But the boom in downtown development, while certainly assisted by the  DCD and the city with subsidies like tax increment financing, is mostly market-driven. People want to live downtown and more businesses want to move downtown.

The lack of economic development in the central city is also market-driven. The high violent crime rate, poverty and poor performance of Milwaukee Public Schools creates an environment the marketplace wants to avoid. The DCD can’t change that fact.

Marcoux and the DCD work with economic development opportunities that come to the city from the private sector. Primarily, those opportunities have been presented downtown.

The DCD has its own programs throughout the city that seek to attract much-needed development to low-income areas. Many of them, such as Bronzeville and the 30th Street Industrial Corridor, have had little success, but not for a lack of effort.

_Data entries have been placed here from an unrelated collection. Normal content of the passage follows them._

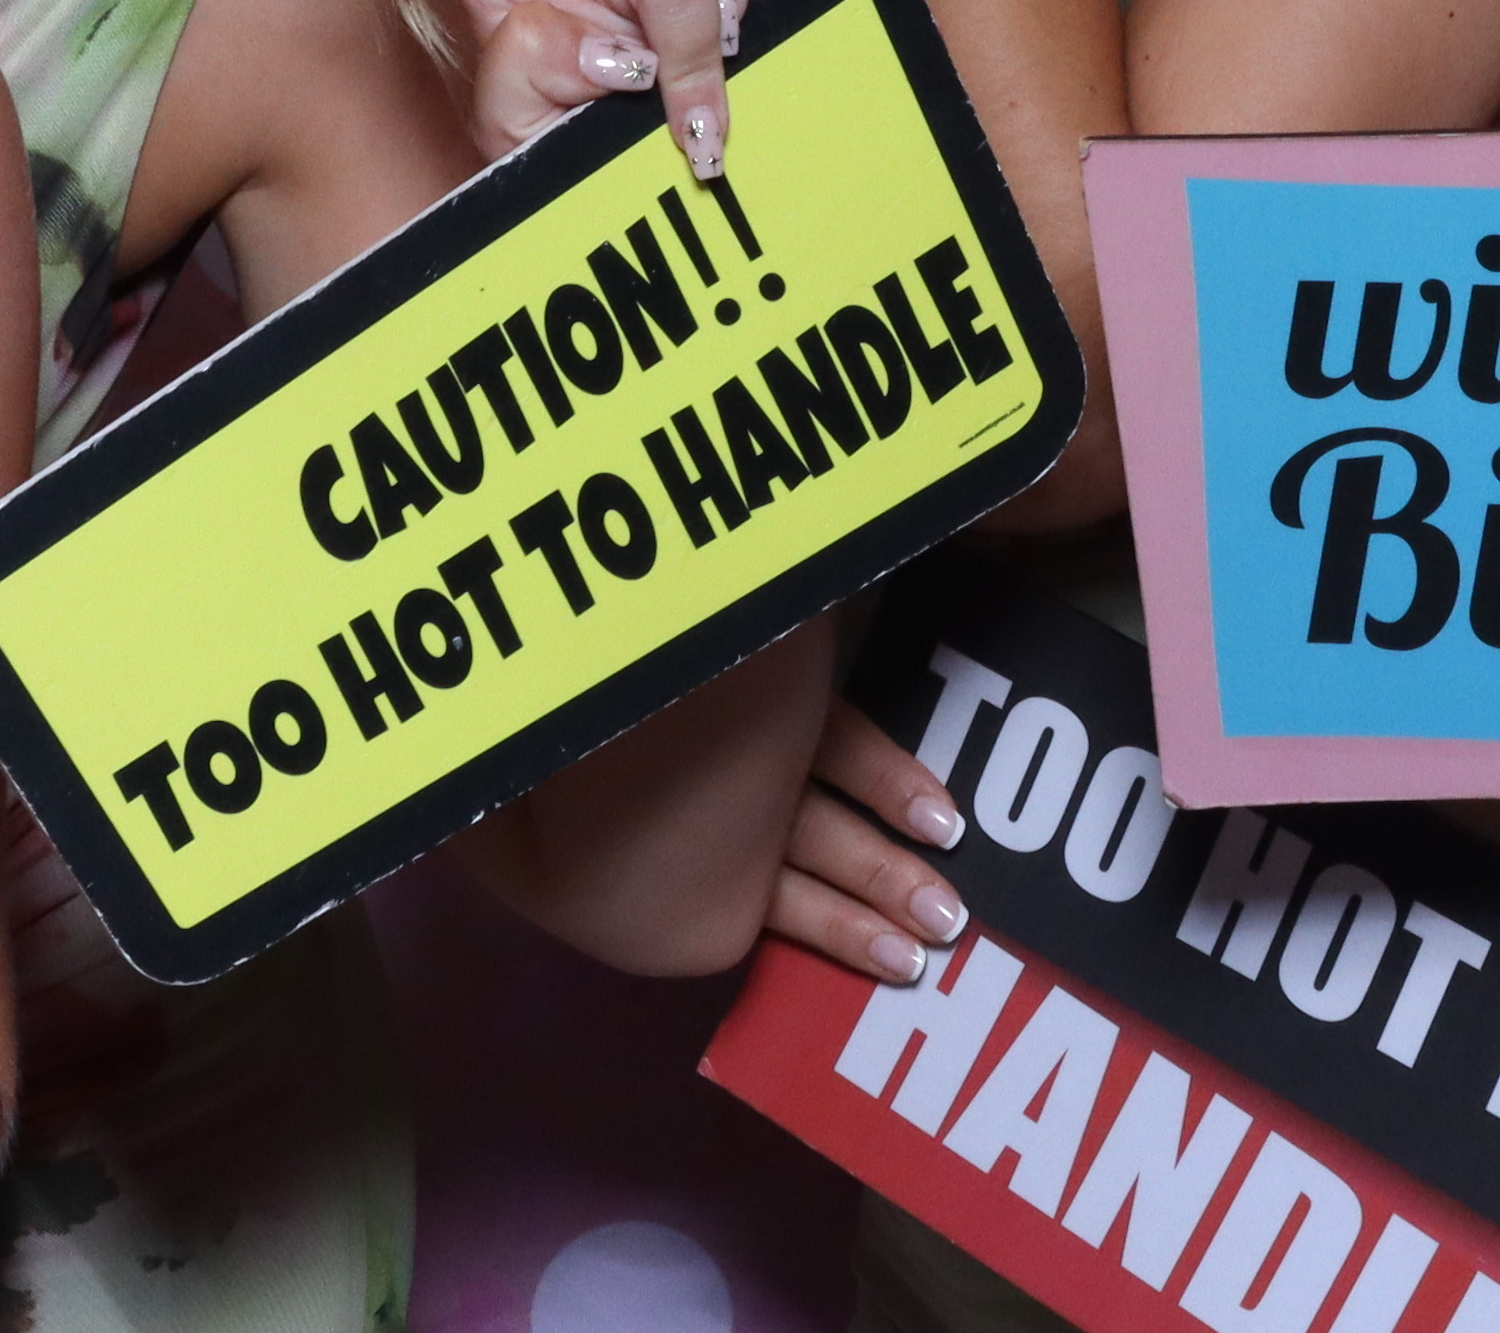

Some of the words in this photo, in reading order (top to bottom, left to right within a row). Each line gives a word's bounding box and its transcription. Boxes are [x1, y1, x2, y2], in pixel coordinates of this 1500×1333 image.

[113, 679, 329, 853] TOO
[318, 534, 523, 743] HOT
[508, 472, 659, 618] TO
[641, 235, 1015, 549] HANDLE
[300, 171, 787, 563] CAUTION!!
[913, 641, 1179, 905] TOO
[1174, 807, 1494, 1070] HOT

Marcoux and the DCD cannot reduce crime or fix education in Milwaukee. These are big societal problems that everyone needs to work to solve. Until progress is made on the big picture, there is no way the DCD on its own is going to turn the central city into a development hotbed.

But some aldermen seem to think somebody out there somewhere could come in and wave a magic wand.

“If we want to turn things around in this city, we need to do a national search and get somebody in this position who is going to be aggressive, who is going to be talented, who is going to work with the business community, who is going to work with us,” Zielinski said.

Conduct the national search if you want…but Superman isn’t coming through the door.